Mild ARDS is considered something less than severe ARDS but this study shows: Approximately 80% of cases of mild acute respiratory distress syndrome persist or worsen in the first week; in all cases, the mortality is substantial (30%).

Substantial ventilation durations occurred and   “admissions for trauma or pneumonia, higher nonpulmonary sequential organ failure assessment score, lower partial pressure of alveolar oxygen/fraction of inspired oxygen, and higher peak inspiratory pressure were independently associated with worsening”.

Anesthesiology link

 

Management of Anesthesia for Sickle Cell Disease

An educational article on anaesthesia management for children with sickle cell disease.  End-organ damage like cerebrovascular disease, heart failure secondary to thrombotic disease or pulmonary hypertension is seen less frequently now as is chronic kidney disease caused by ischaemic damage and loss of renal tubules. Vaccination should be comprehensive. The most common acute complications are infection and vaso-occlusive episodes. “Multiple splenic microinfarcts secondary to sickling is an early complication, with 90% of affected children reported to have functional asplenia by age 6 yr. This leads to an increased risk of bacterial infections, most notably with S. pneumoniae in addition to atypical organisms”.

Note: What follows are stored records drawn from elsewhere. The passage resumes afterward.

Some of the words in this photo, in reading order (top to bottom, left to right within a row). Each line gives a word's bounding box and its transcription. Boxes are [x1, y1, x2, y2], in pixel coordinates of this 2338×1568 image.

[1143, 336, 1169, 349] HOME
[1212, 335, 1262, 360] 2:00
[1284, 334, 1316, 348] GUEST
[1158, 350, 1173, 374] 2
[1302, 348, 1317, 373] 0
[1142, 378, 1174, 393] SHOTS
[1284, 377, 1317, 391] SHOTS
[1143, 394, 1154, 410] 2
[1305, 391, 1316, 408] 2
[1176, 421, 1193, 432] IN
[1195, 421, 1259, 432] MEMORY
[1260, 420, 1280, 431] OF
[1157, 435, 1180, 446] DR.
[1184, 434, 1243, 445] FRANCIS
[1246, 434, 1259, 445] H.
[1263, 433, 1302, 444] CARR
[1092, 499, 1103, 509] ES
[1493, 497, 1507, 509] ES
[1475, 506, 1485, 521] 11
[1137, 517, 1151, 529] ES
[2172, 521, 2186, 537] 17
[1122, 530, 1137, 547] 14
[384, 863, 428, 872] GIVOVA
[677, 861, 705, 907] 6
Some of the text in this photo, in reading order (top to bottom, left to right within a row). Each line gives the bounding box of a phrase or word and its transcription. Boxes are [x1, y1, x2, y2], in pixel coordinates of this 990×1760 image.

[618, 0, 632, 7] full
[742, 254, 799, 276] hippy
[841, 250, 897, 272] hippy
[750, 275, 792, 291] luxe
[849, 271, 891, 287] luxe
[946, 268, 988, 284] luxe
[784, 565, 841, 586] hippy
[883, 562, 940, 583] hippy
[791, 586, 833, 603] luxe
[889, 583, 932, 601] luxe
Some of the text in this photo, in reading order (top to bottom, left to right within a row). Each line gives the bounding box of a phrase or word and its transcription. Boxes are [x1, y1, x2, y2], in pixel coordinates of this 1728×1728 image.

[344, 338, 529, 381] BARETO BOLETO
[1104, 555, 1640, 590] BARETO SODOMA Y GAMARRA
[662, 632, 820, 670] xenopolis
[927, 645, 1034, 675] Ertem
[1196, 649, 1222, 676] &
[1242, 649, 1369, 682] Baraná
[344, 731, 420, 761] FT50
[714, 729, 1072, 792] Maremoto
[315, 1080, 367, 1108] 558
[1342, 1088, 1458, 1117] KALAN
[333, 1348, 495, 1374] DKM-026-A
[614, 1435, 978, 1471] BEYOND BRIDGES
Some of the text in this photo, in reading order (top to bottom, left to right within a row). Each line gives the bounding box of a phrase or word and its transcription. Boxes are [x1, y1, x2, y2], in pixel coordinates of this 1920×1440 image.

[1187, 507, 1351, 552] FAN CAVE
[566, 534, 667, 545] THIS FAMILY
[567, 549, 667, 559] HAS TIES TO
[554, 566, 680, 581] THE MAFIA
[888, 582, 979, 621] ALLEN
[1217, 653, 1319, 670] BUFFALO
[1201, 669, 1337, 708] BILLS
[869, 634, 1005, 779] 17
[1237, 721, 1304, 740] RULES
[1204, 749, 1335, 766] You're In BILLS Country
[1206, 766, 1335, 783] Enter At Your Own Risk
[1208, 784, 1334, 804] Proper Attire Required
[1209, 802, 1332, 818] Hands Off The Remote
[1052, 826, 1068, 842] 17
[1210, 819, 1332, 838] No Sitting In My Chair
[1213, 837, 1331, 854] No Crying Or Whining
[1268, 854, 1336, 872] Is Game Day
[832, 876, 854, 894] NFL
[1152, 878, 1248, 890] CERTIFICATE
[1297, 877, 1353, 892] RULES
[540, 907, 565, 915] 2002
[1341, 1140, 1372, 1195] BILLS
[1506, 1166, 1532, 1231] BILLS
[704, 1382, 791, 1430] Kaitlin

Sepsis is less common with vaccination. The most common postoperative complications are vaso-occlusive episodes and Acute Chest Syndrome, reported especially after appendectomy and Cesarean, but also high after umbilical hernia repair, cholecystectomy, and splenectomy. Stroke and death were reported more rarely.

Anesthesia goals are to maintain oxygenation and hydration, avoid acidosis, and maintain normocarbia, normotension, and normothermia, as well as adequate analgesia.